*** Data Section Begins ***

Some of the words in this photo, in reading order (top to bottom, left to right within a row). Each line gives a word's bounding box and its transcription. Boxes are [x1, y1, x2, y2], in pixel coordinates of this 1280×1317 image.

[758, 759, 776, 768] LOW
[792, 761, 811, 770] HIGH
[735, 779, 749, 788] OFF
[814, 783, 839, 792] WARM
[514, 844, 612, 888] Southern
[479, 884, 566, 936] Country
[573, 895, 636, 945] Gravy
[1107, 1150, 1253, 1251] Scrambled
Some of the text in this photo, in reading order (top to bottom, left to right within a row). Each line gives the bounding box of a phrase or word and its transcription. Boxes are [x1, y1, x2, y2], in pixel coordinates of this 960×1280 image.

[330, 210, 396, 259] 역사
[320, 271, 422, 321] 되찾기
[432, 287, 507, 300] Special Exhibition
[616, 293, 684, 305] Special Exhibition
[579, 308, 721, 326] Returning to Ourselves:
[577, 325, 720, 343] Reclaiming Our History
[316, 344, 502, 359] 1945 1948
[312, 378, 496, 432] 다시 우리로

*** Data Section Ends ***

■ Work task ■
Reproduce every entry, word for word.

■ Task solution ■
Some of the words in this photo, in reading order (top to bottom, left to right within a row). Each line gives a word's bounding box and its transcription. Boxes are [x1, y1, x2, y2], in pixel coordinates of this 1280×1317 image.

[758, 759, 776, 768] LOW
[792, 761, 811, 770] HIGH
[735, 779, 749, 788] OFF
[814, 783, 839, 792] WARM
[514, 844, 612, 888] Southern
[479, 884, 566, 936] Country
[573, 895, 636, 945] Gravy
[1107, 1150, 1253, 1251] Scrambled
Some of the text in this photo, in reading order (top to bottom, left to right within a row). Each line gives the bounding box of a phrase or word and its transcription. Boxes are [x1, y1, x2, y2], in pixel coordinates of this 960×1280 image.

[330, 210, 396, 259] 역사
[320, 271, 422, 321] 되찾기
[432, 287, 507, 300] Special Exhibition
[616, 293, 684, 305] Special Exhibition
[579, 308, 721, 326] Returning to Ourselves:
[577, 325, 720, 343] Reclaiming Our History
[316, 344, 502, 359] 1945 1948
[312, 378, 496, 432] 다시 우리로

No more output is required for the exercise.